§ **PROBLEM TO SOLVE**
Keep the wording of each record exactly the same when you repeat it, and leave out pictures.

§ **Source records**
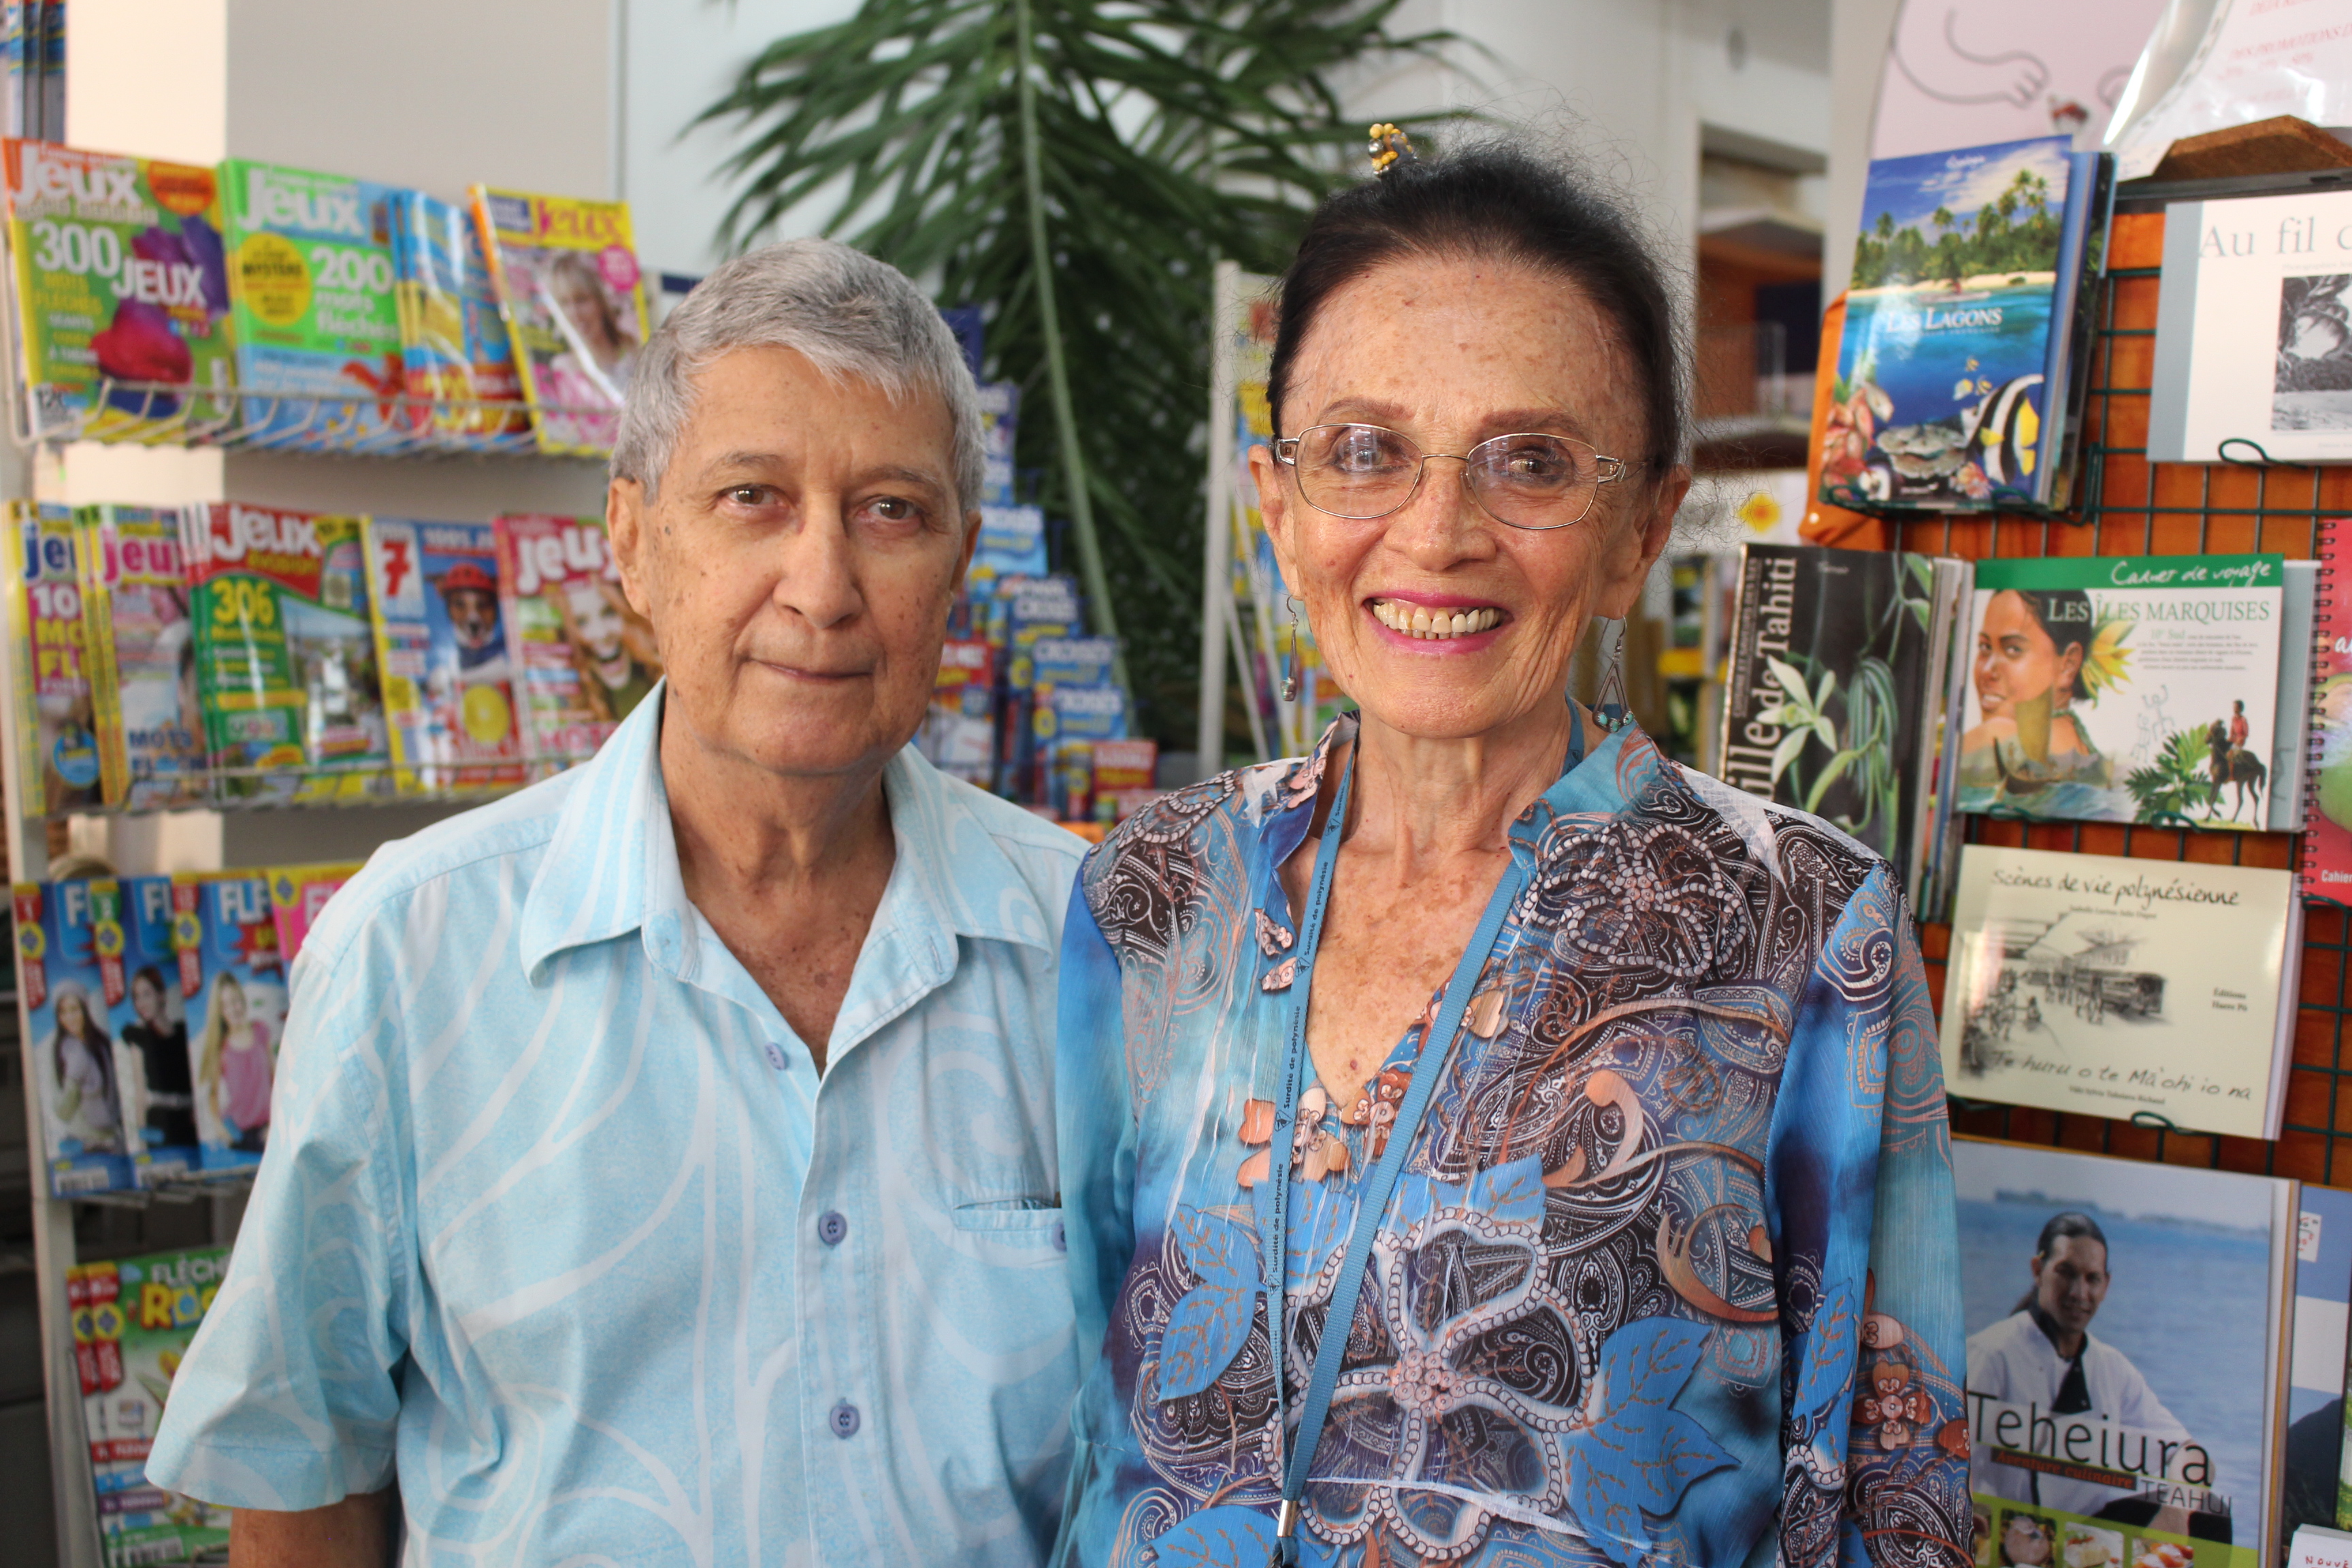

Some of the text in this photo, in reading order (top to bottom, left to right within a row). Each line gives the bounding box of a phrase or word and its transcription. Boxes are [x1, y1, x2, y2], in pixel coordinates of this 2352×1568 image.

[10, 143, 142, 206] Jeux
[238, 167, 365, 235] Jeux
[31, 219, 121, 278] 300
[2199, 225, 2256, 257] Au
[2276, 216, 2315, 255] fil
[111, 257, 207, 308] JEUX
[310, 247, 393, 295] 200
[1925, 306, 2003, 329] LAGONS
[213, 504, 323, 562] Jeux
[2181, 566, 2208, 581] de
[2213, 560, 2272, 587] voyage
[212, 578, 275, 626] 306
[1756, 555, 1797, 661] Tahiti
[2047, 598, 2091, 622] LES
[2145, 600, 2270, 625] MARQUISES
[1304, 861, 1328, 956] Surdité de polynésie
[2058, 872, 2078, 892] de
[2083, 875, 2112, 895] vie
[2114, 873, 2241, 911] polynésienne
[1284, 1005, 1301, 1109] Surdité de polynésie
[2022, 1054, 2072, 1075] huru
[2078, 1066, 2093, 1079] o
[2098, 1064, 2119, 1082] te
[2228, 1085, 2252, 1101] na
[1275, 1162, 1284, 1215] polynésie
[1273, 1218, 1279, 1231] de
[1967, 1390, 2212, 1487] Teheiura
[1996, 1450, 2134, 1490] Aventure culinaire
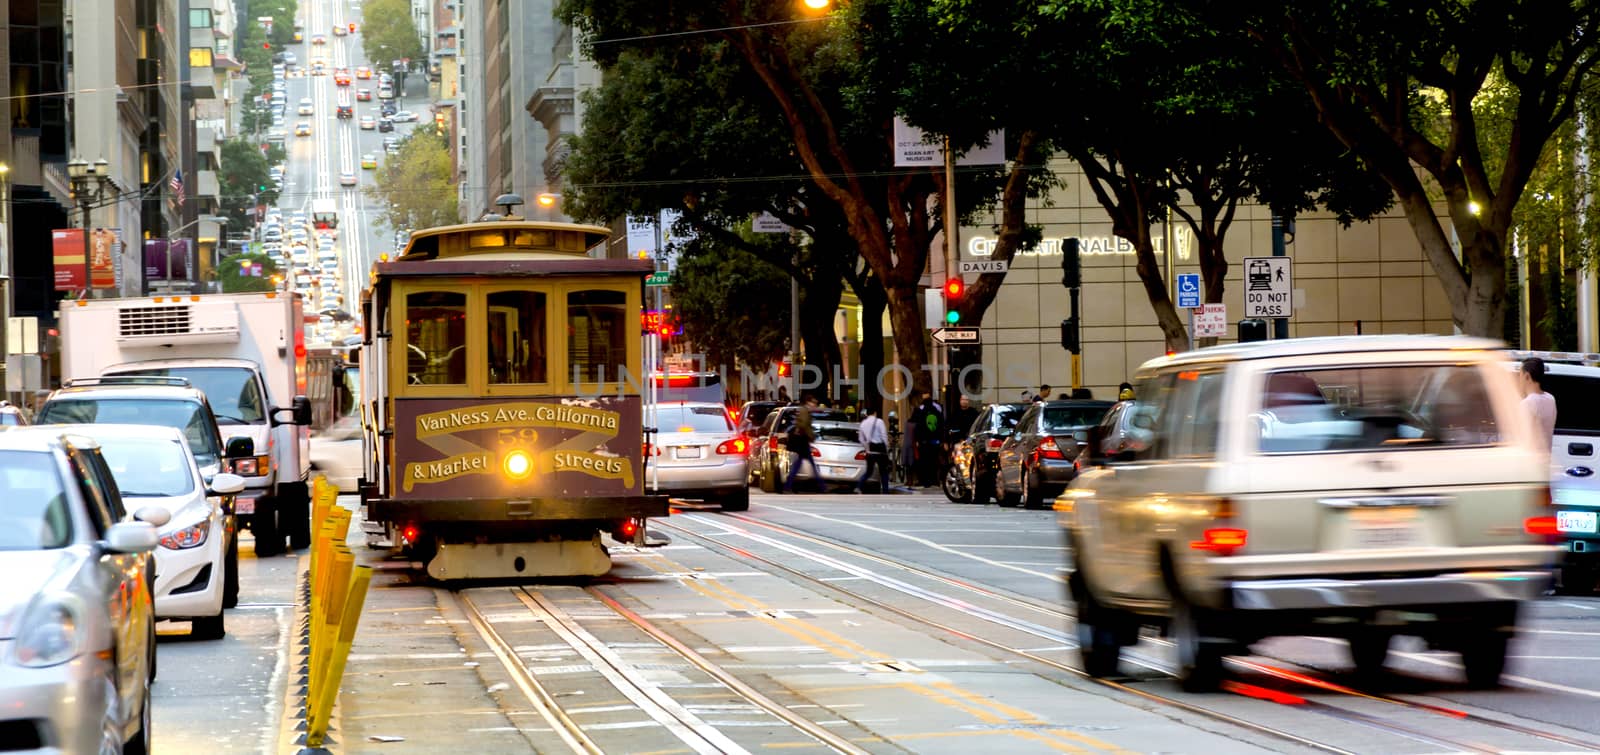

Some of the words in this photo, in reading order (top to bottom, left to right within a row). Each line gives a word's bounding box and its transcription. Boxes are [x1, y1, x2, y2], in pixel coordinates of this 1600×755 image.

§ **TASK RESPONSE**
Some of the text in this photo, in reading order (top to bottom, left to right within a row). Each line gives the bounding box of a phrase or word and its transcription. Boxes are [x1, y1, x2, y2], in pixel coordinates of this 2352×1568 image.

[10, 143, 142, 206] Jeux
[238, 167, 365, 235] Jeux
[31, 219, 121, 278] 300
[2199, 225, 2256, 257] Au
[2276, 216, 2315, 255] fil
[111, 257, 207, 308] JEUX
[310, 247, 393, 295] 200
[1925, 306, 2003, 329] LAGONS
[213, 504, 323, 562] Jeux
[2181, 566, 2208, 581] de
[2213, 560, 2272, 587] voyage
[212, 578, 275, 626] 306
[1756, 555, 1797, 661] Tahiti
[2047, 598, 2091, 622] LES
[2145, 600, 2270, 625] MARQUISES
[1304, 861, 1328, 956] Surdité de polynésie
[2058, 872, 2078, 892] de
[2083, 875, 2112, 895] vie
[2114, 873, 2241, 911] polynésienne
[1284, 1005, 1301, 1109] Surdité de polynésie
[2022, 1054, 2072, 1075] huru
[2078, 1066, 2093, 1079] o
[2098, 1064, 2119, 1082] te
[2228, 1085, 2252, 1101] na
[1275, 1162, 1284, 1215] polynésie
[1273, 1218, 1279, 1231] de
[1967, 1390, 2212, 1487] Teheiura
[1996, 1450, 2134, 1490] Aventure culinaire

Some of the words in this photo, in reading order (top to bottom, left to right within a row). Each line gives a word's bounding box and its transcription. Boxes are [x1, y1, x2, y2], in pixel coordinates of this 1600×755 image.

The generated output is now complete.